--- GIVEN RECORDS Enclosed Below ---

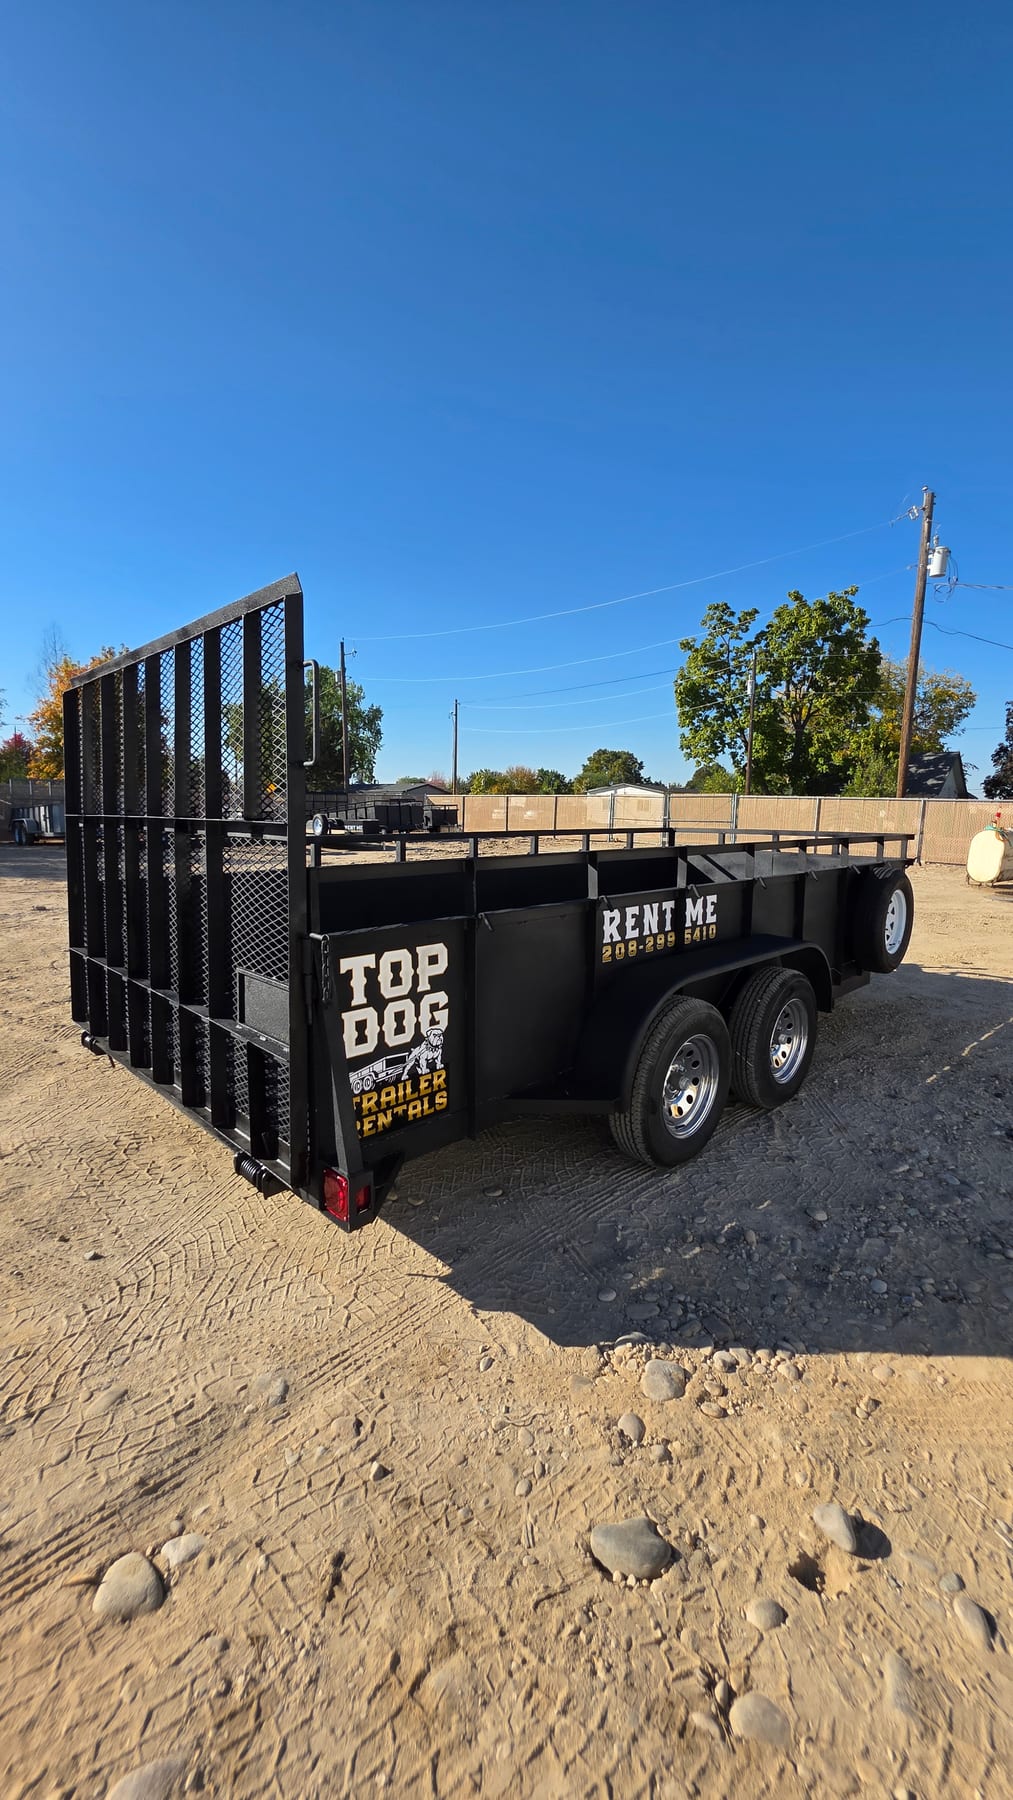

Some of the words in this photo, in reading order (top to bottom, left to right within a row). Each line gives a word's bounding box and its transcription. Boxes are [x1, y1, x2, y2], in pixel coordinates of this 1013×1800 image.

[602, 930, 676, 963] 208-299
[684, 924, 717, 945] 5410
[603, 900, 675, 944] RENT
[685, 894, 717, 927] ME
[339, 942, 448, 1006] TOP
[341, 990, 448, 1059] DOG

--- End of Enclosed GIVEN RECORDS ---

## INSTRUCTIONS FOR THE TASK
Would you return all of the data above word for word, omitting every picture?

## SOLUTION FOR THIS PROBLEM
Some of the words in this photo, in reading order (top to bottom, left to right within a row). Each line gives a word's bounding box and its transcription. Boxes are [x1, y1, x2, y2], in pixel coordinates of this 1013×1800 image.

[602, 930, 676, 963] 208-299
[684, 924, 717, 945] 5410
[603, 900, 675, 944] RENT
[685, 894, 717, 927] ME
[339, 942, 448, 1006] TOP
[341, 990, 448, 1059] DOG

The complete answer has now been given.